The Boys in the Boat celebrates the 1936 U.S. men’s Olympic eight-oar rowing team—nine working class boys who stormed the rowing world, transformed the sport, and galvanized the attention of millions of Americans.
The sons of loggers, shipyard workers, and farmers from the American West, the boys took on and defeated successive echelons of privilege and power. They vanquished the sons of bankers and senators rowing for elite eastern universities. They defeated the sons of British aristocrats rowing for Oxford and Cambridge.  And finally, in an extraordinary race in Berlin they stunned the Aryan sons of the Nazi state as they rowed for gold in front of Adolf Hitler.
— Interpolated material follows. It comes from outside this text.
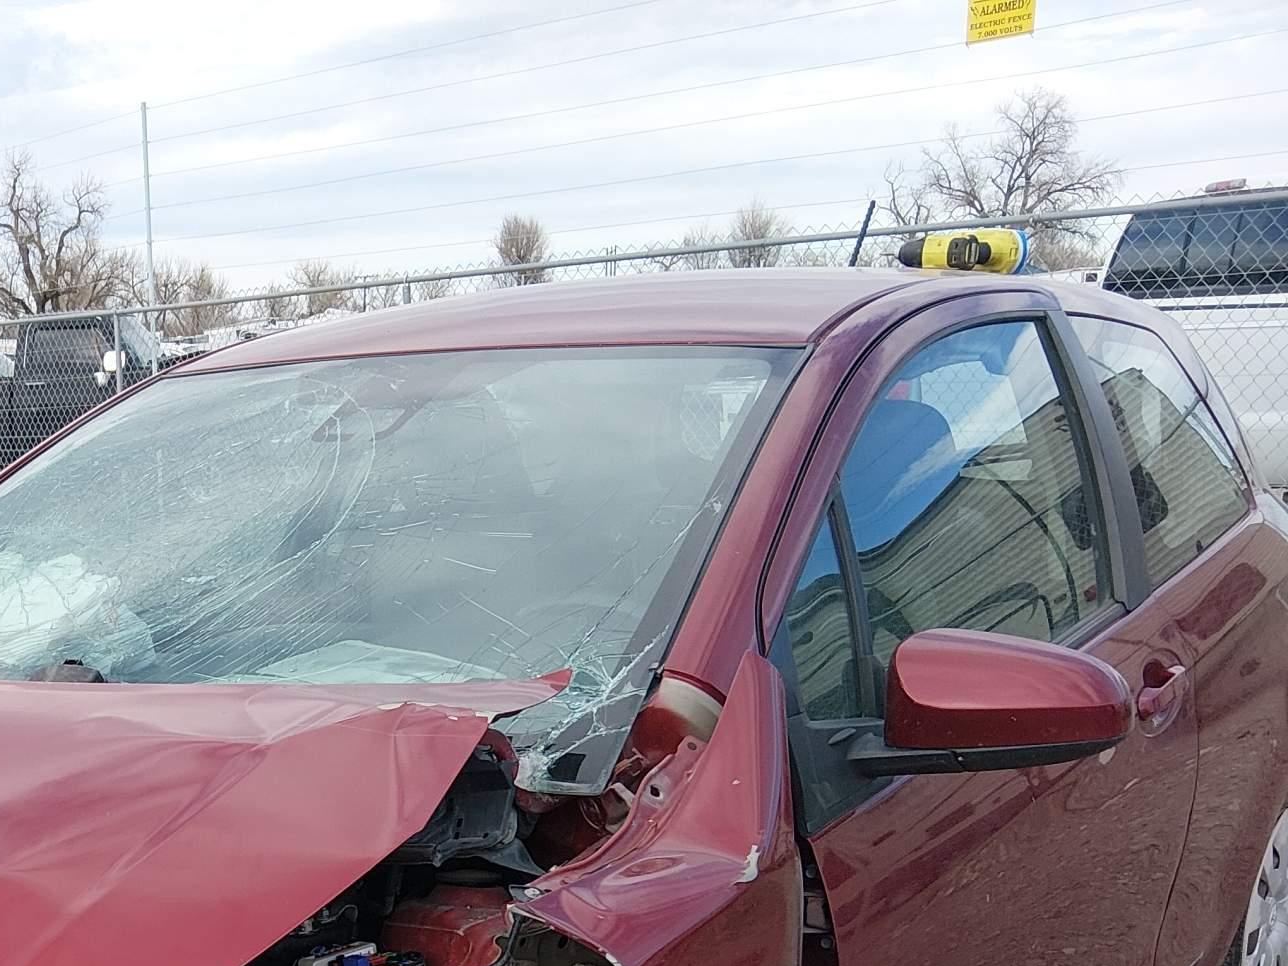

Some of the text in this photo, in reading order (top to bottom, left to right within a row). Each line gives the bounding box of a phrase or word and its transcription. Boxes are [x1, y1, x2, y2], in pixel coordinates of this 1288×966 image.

Against the grim backdrop of the Great Depression, they reaffirmed the American notion that merit, in the end, outweighs birthright. They reminded the country of what can be done when everyone quite literally pulls together. And they provided hope that in the titanic struggle that lay just ahead, the ruthless might of the Nazis would not prevail over American grit, determination, and optimism.
And even as it chronicles the boys’ collective achievement, The Boys in the Boat is also the heart warming story of one young man in particular. Cast aside by his family at an early age, abandoned and left to fend for himself, Joe Rantz rows not just for glory, but to regain his shattered self-regard, to dare again to trust in others, and to find his way back to a place he can call home.